DENVER — A new Colorado law allowing medical marijuana use at public schools is getting a second look Monday in a House committee.
The current law allows students who need medical marijuana to use edible pot at public schools, as long as the school districts agree.
No school districts currently does, so patient advocates are pushing the bill to make Colorado the second state to require schools to allow nurses or parents to administer medical pot. New Jersey made the change last year.
“They need to make reasonable accommodations so that children who need medical marijuana can go to school,” said Stacey Linn, a Lakewood mother of a 15-year-old with cerebral palsy who is not allowed to wear a skin patch delivering a cannabis-derived treatment to school.
Medical marijuana has been legal in some states for two decades. But school districts and lawmakers nationwide are only now starting to grapple with thorny issues about student use of a drug still illegal under federal law. Colorado is one of three states where medical marijuana is legal that has any rules for use in schools, according to the pro-legalization Marijuana Policy Project.
The possibility of medical marijuana in schools raises a number of questions for school officials. The law currently says that the drug must be in non-smokeable form and is to be administered by a school nurse or a caregiver, likely a parent. But those school nurses are also required to report to authorities any child who is exposed to an illegal drug, including marijuana-derived treatments.
That happened to the Wann family of Highlands Ranch, which got a call from Child Protective Services last year because their epileptic 8th grader uses a cannabis-derived treatment. Amber Wann said her son doesn’t take the oil at school, but the district reported the family as possible child abusers, despite last year’s law clarifying that schools may allow marijuana treatment.
“They were more concerned about losing federal funds and law enforcement coming after their nurses than about the new law saying they can allow a hemp-derived medicine,” Wann said.
School officials say they’re being unfairly asked to accommodate an activity that still runs afoul of federal law. This year’s update, for example, gives schools no guidance for the possibility of a student grabbing a cannabis treatment away from a parent and rightful patient on a school bus and taking it themselves.

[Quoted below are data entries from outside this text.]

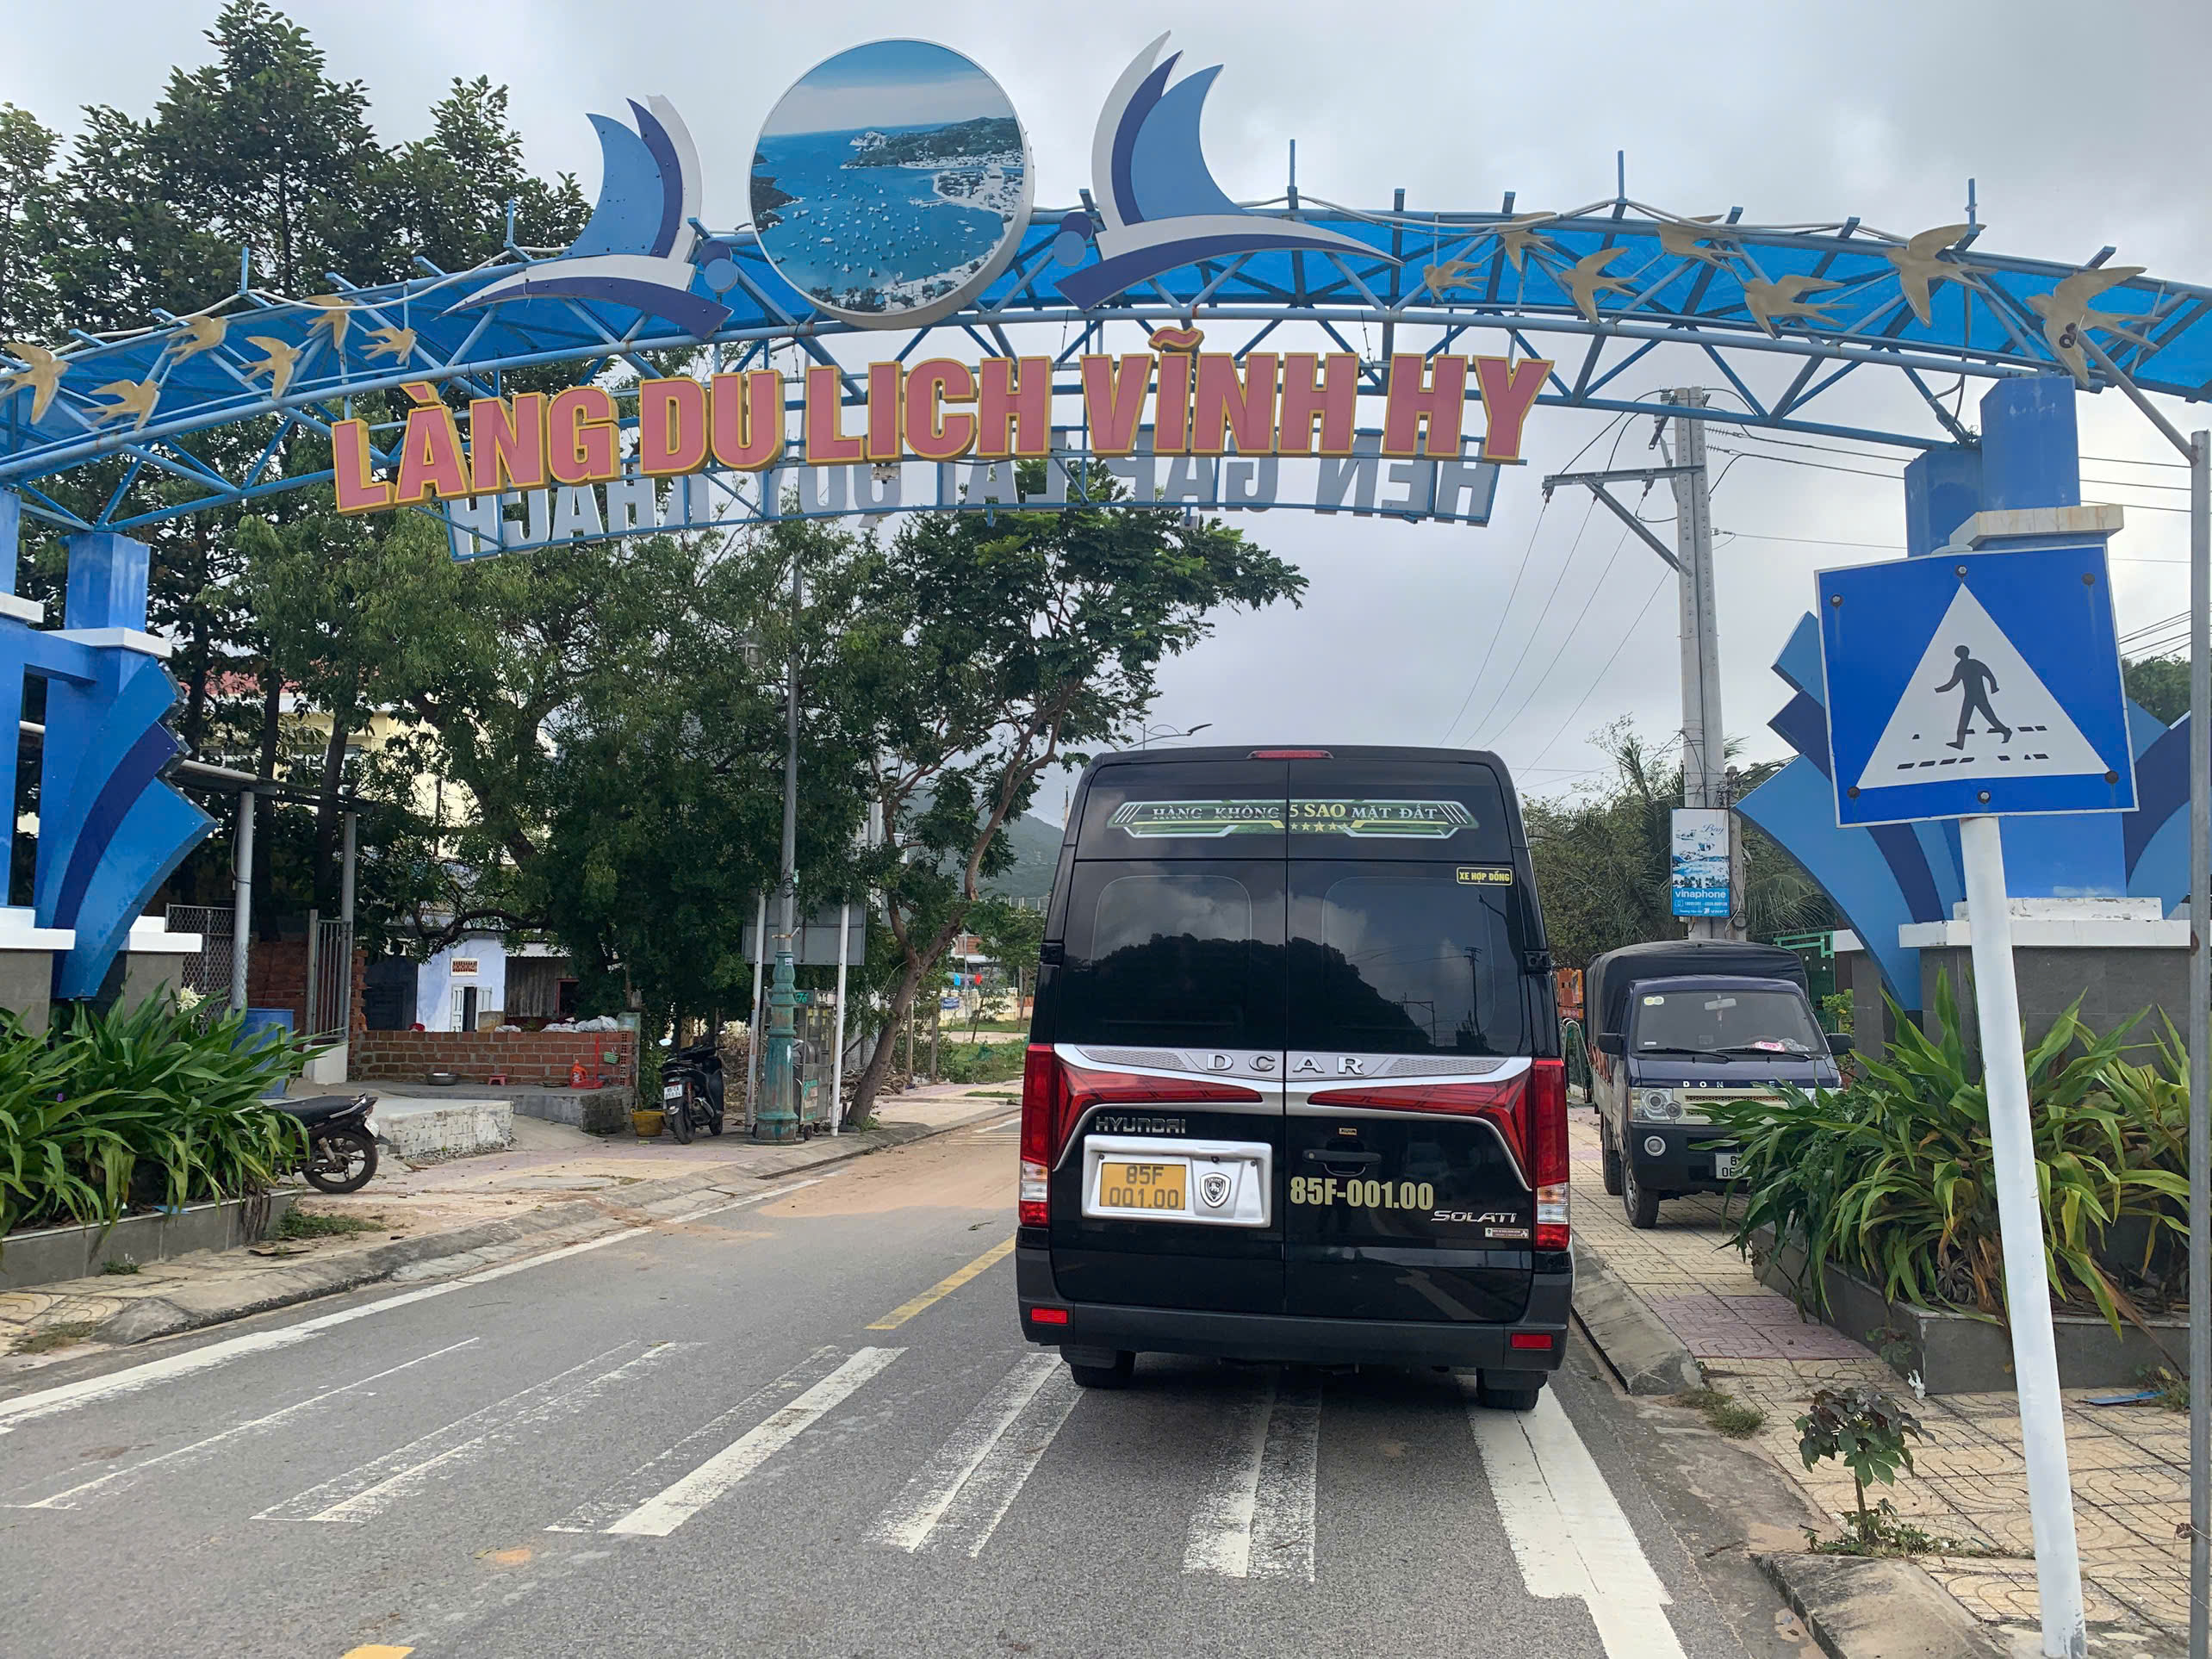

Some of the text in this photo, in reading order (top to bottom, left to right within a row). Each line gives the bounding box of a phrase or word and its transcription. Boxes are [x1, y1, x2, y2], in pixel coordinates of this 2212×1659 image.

[331, 381, 621, 516] LÀNG
[638, 369, 785, 475] DU
[1078, 326, 1360, 459] VĨNH
[1381, 353, 1556, 465] HY
[1153, 803, 1438, 820] HÀNG KHÔNG 5 SAO MẶT ĐẤT
[1459, 871, 1469, 880] XE
[1470, 872, 1487, 883] HỢP
[1675, 889, 1727, 899] vinaphone
[1207, 1053, 1364, 1075] DCAR
[1095, 1115, 1186, 1134] HYUNDAI
[1126, 1165, 1165, 1185] 85F
[1109, 1187, 1179, 1209] 001.00
[1289, 1176, 1434, 1211] 85F-001.00
[1430, 1209, 1518, 1223] SOLATI
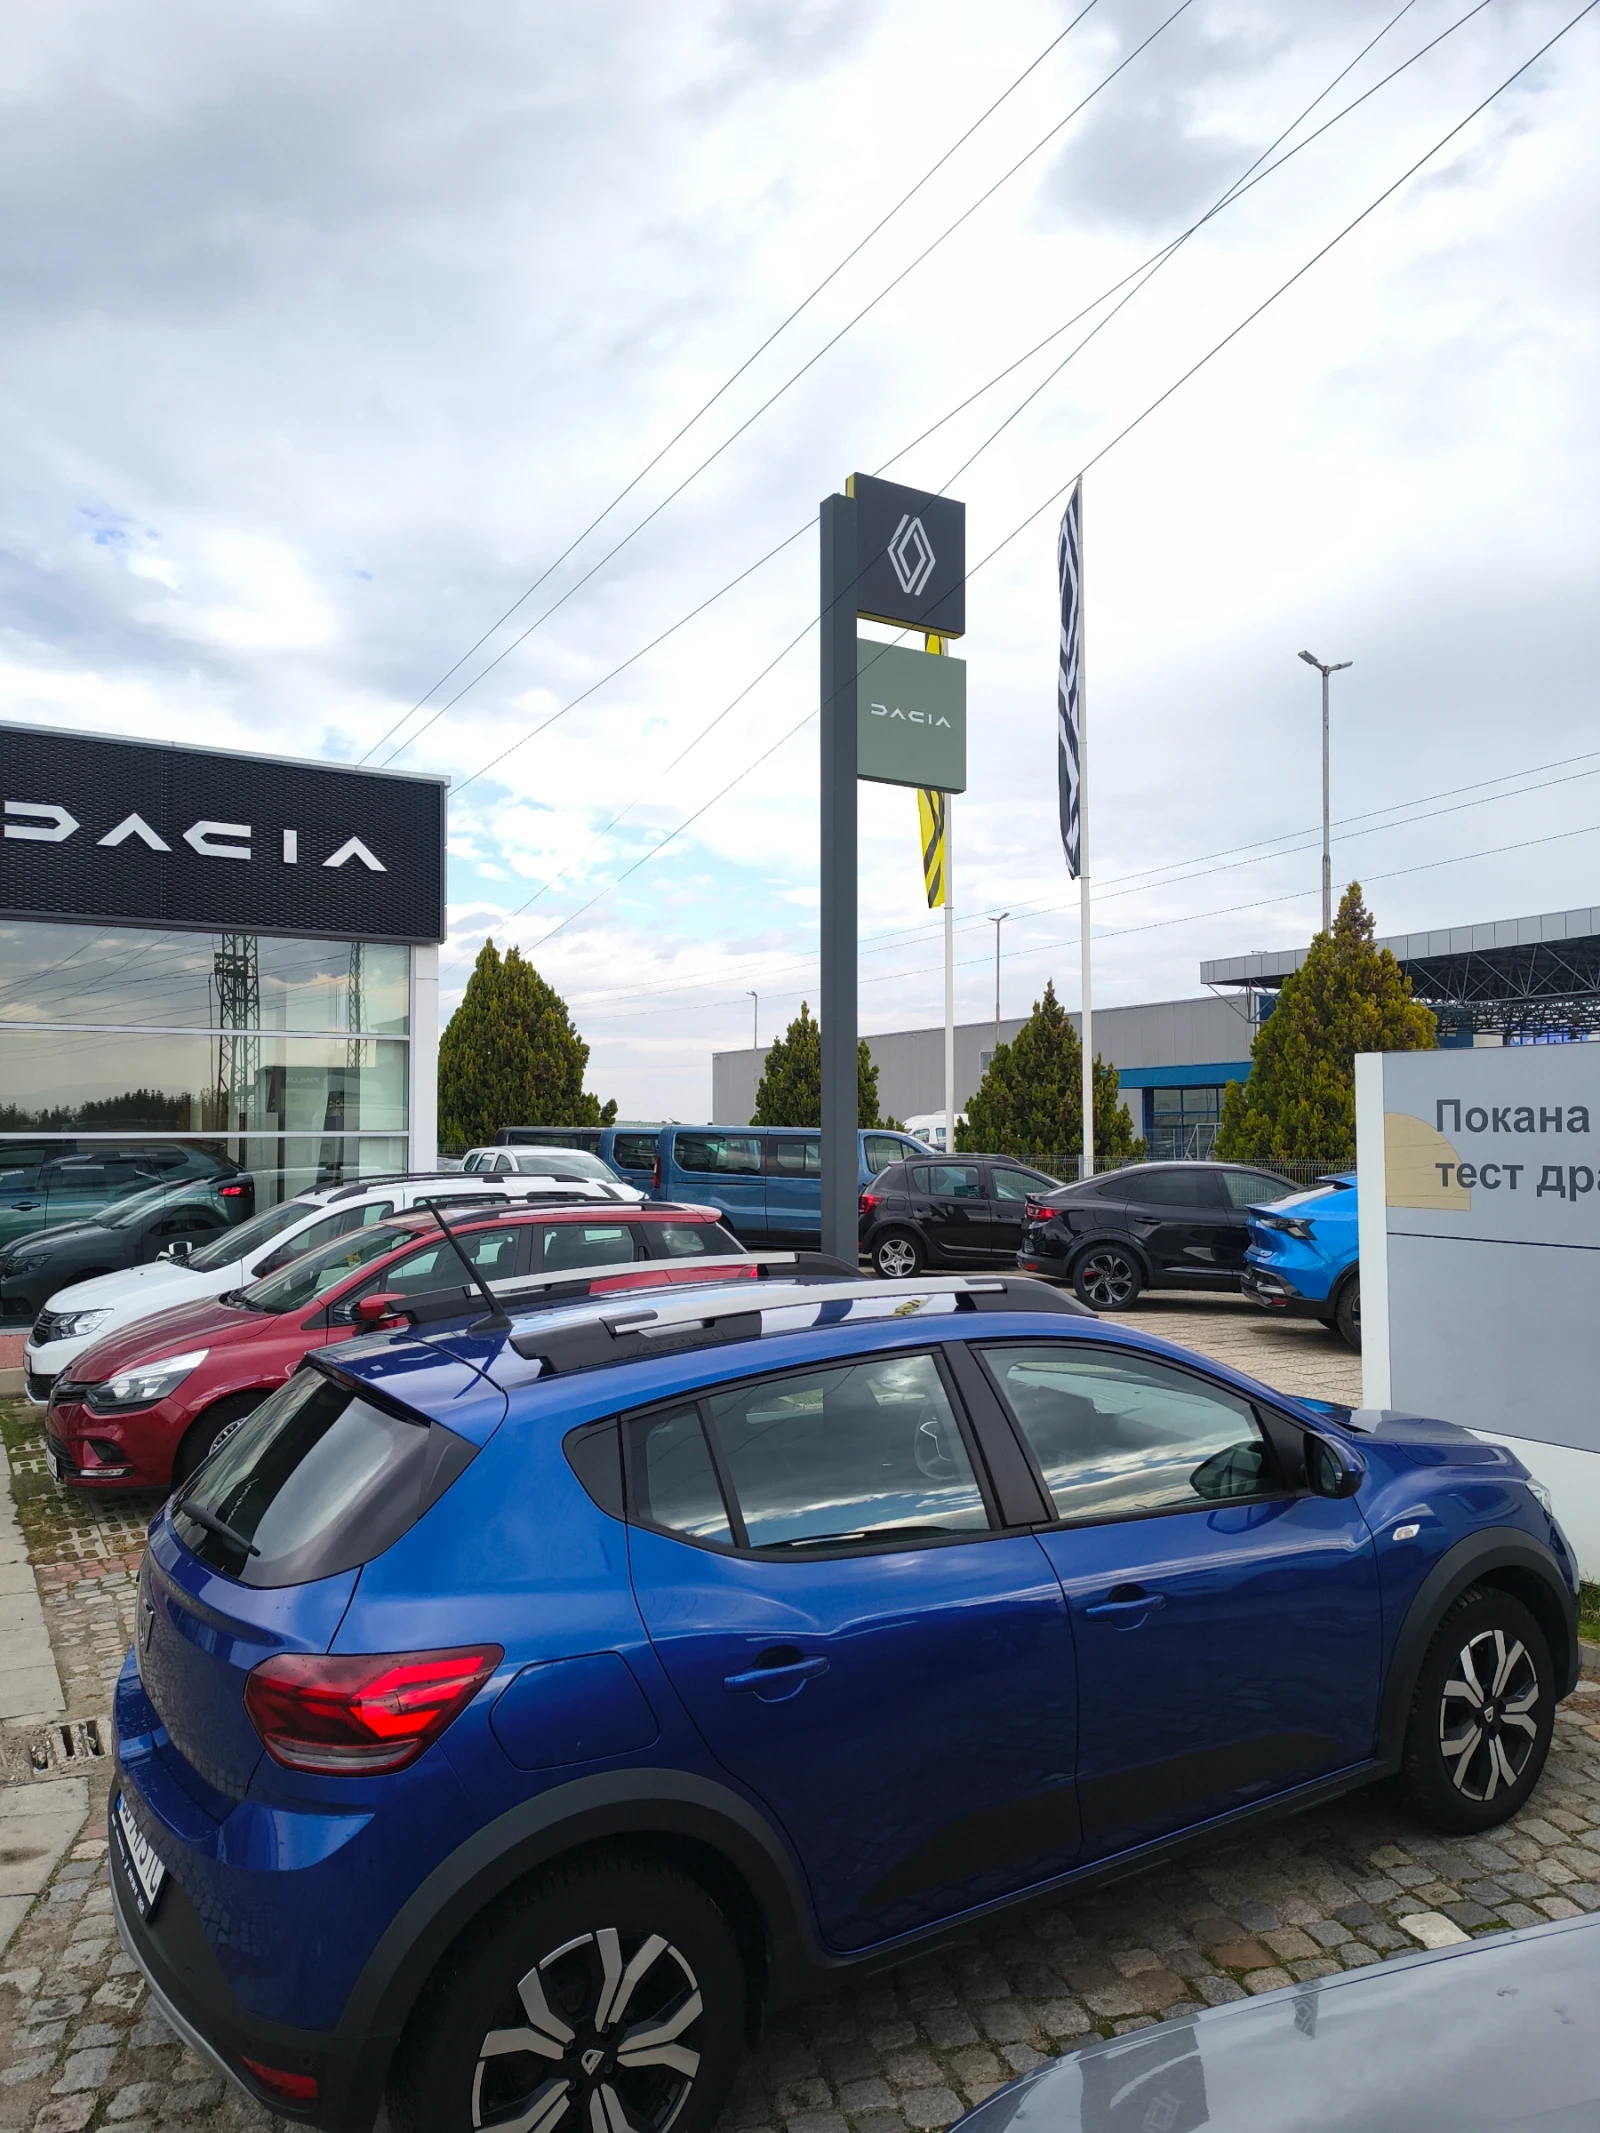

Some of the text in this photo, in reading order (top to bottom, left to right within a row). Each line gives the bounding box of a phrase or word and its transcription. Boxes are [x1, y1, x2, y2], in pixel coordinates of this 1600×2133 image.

“School boards do not lack compassion for students that benefit from medical marijuana,” said Jane Urschel of the Colorado Association of School Boards, which opposes the marijuana requirement. “How do you begin to deal with those difficulties in different venues?”
The parents counter that medical marijuana shouldn’t be treated any differently than Ritalin or other controlled substances that are routinely dispensed by school districts.
Supporters also say that schools are being too conservative about the prospect of endangering federal funding. New Jersey last year required schools to accommodate student medical marijuana use, with no repercussions from federal authorities.
The law’s backers say they’re not sure whether the school pot requirement will pass. The state Department of Education is neutral on the measure. Colorado has about 350 kids under 18 on the medical marijuana registry, according to the Colorado Department of Public Health and Environment.
Sponsors say they hope that growing acceptance of marijuana to treat childhood illnesses gives the school pot requirement a boost.
“Kids shouldn’t have to choose between their medicine and going to school,” said Rep. Jonathan Singer, D-Longmont and sponsor of the bill.